Exercise details: Reproduce all of the records word for word, omitting the pictures.

Saved data entries:
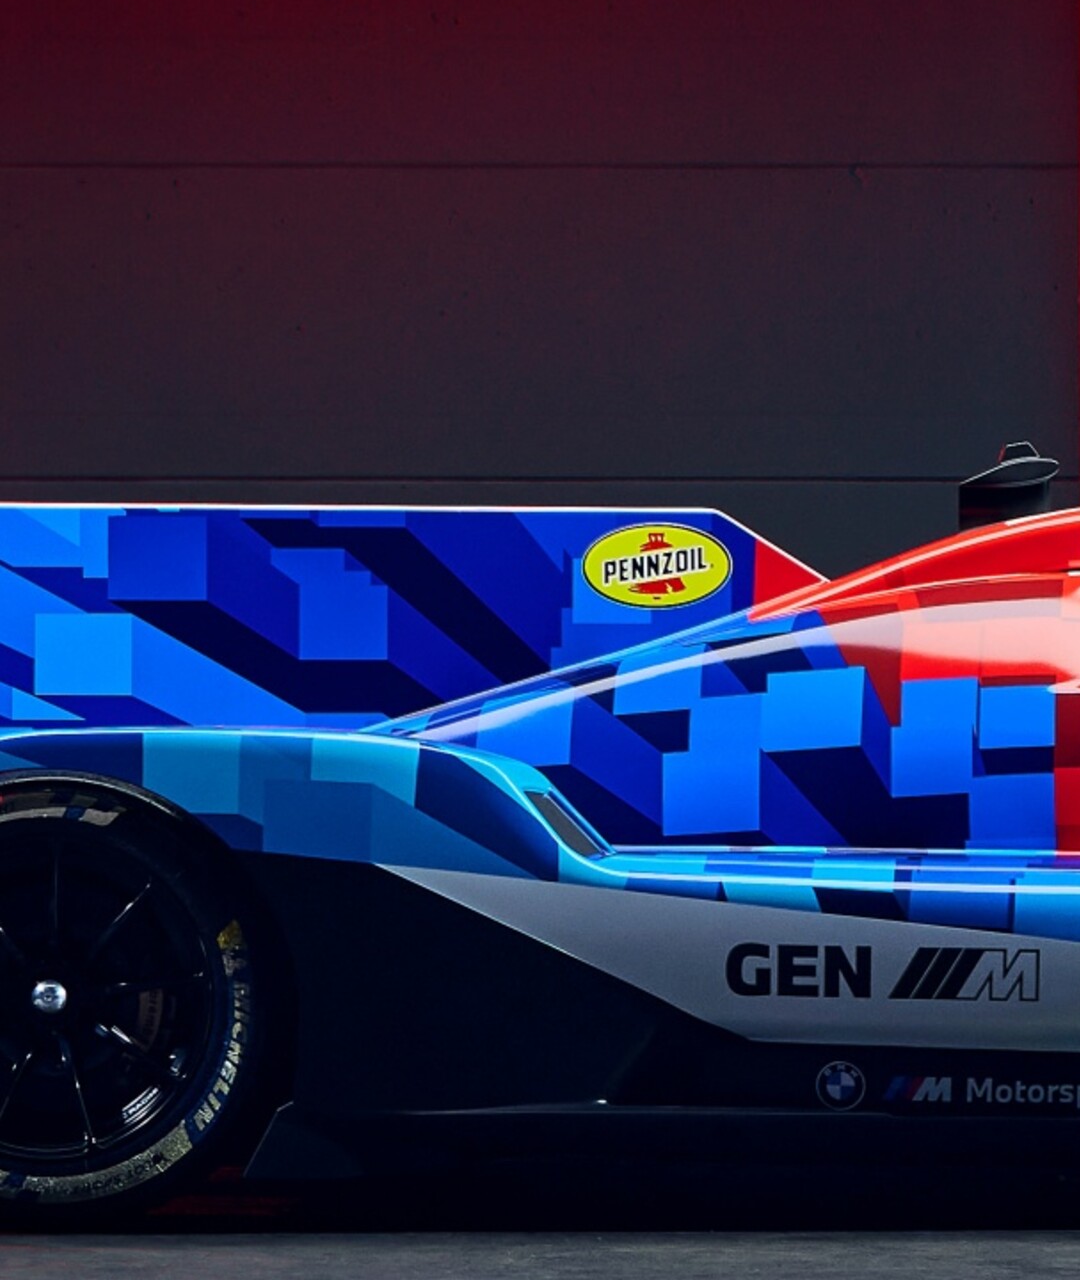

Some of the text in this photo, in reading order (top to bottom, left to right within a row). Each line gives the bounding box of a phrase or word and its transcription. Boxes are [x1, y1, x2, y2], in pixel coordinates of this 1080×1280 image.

[604, 547, 707, 584] PENNZOIL
[726, 942, 872, 999] GEN
[192, 982, 251, 1133] MICHELIN
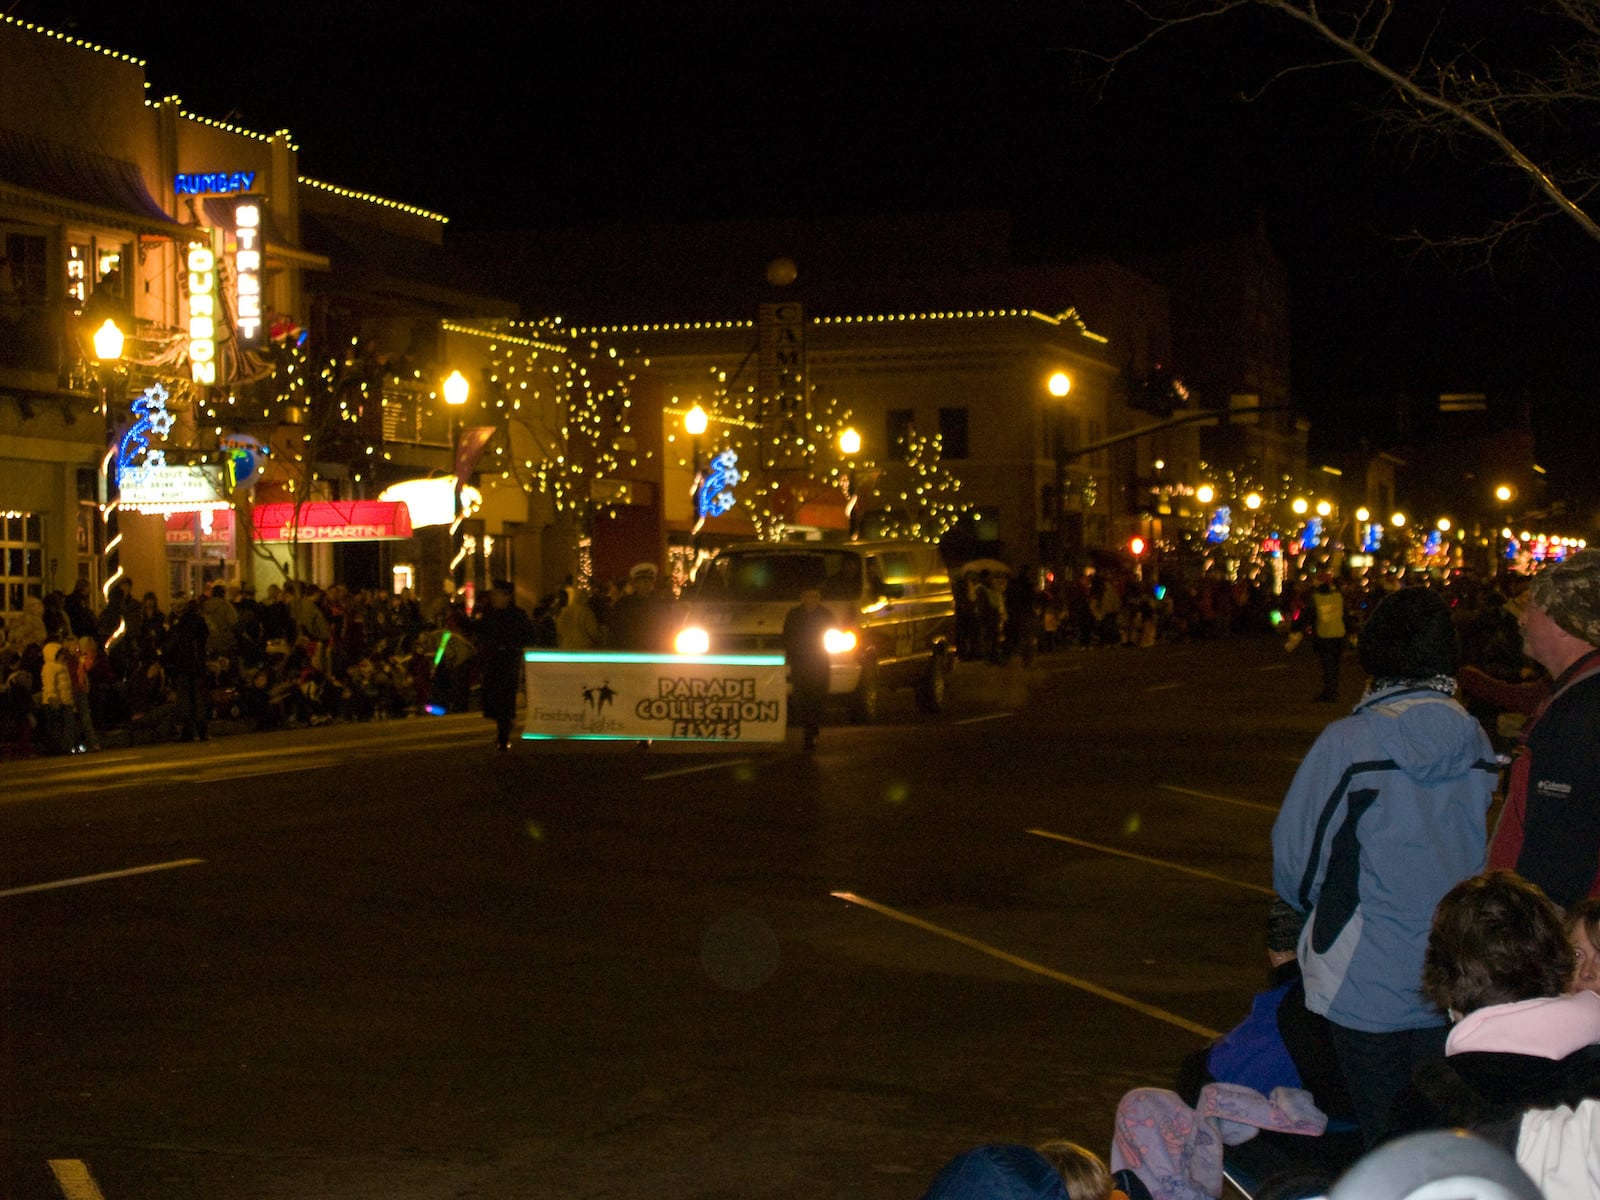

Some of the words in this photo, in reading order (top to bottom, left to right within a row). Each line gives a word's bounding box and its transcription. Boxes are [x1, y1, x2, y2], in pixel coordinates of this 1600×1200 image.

[174, 171, 255, 195] RUMBAY
[235, 205, 260, 339] STREET
[188, 242, 216, 384] OURBON
[318, 524, 386, 538] MARTINI
[658, 677, 757, 701] PARADE
[636, 698, 779, 722] COLLECTION
[672, 719, 741, 740] ELVES

Solution:
Some of the text in this photo, in reading order (top to bottom, left to right within a row). Each line gives the bounding box of a phrase or word and its transcription. Boxes are [x1, y1, x2, y2], in pixel coordinates of this 1080×1280 image.

[604, 547, 707, 584] PENNZOIL
[726, 942, 872, 999] GEN
[192, 982, 251, 1133] MICHELIN

Some of the words in this photo, in reading order (top to bottom, left to right within a row). Each line gives a word's bounding box and its transcription. Boxes are [x1, y1, x2, y2], in pixel coordinates of this 1600×1200 image.

[174, 171, 255, 195] RUMBAY
[235, 205, 260, 339] STREET
[188, 242, 216, 384] OURBON
[318, 524, 386, 538] MARTINI
[658, 677, 757, 701] PARADE
[636, 698, 779, 722] COLLECTION
[672, 719, 741, 740] ELVES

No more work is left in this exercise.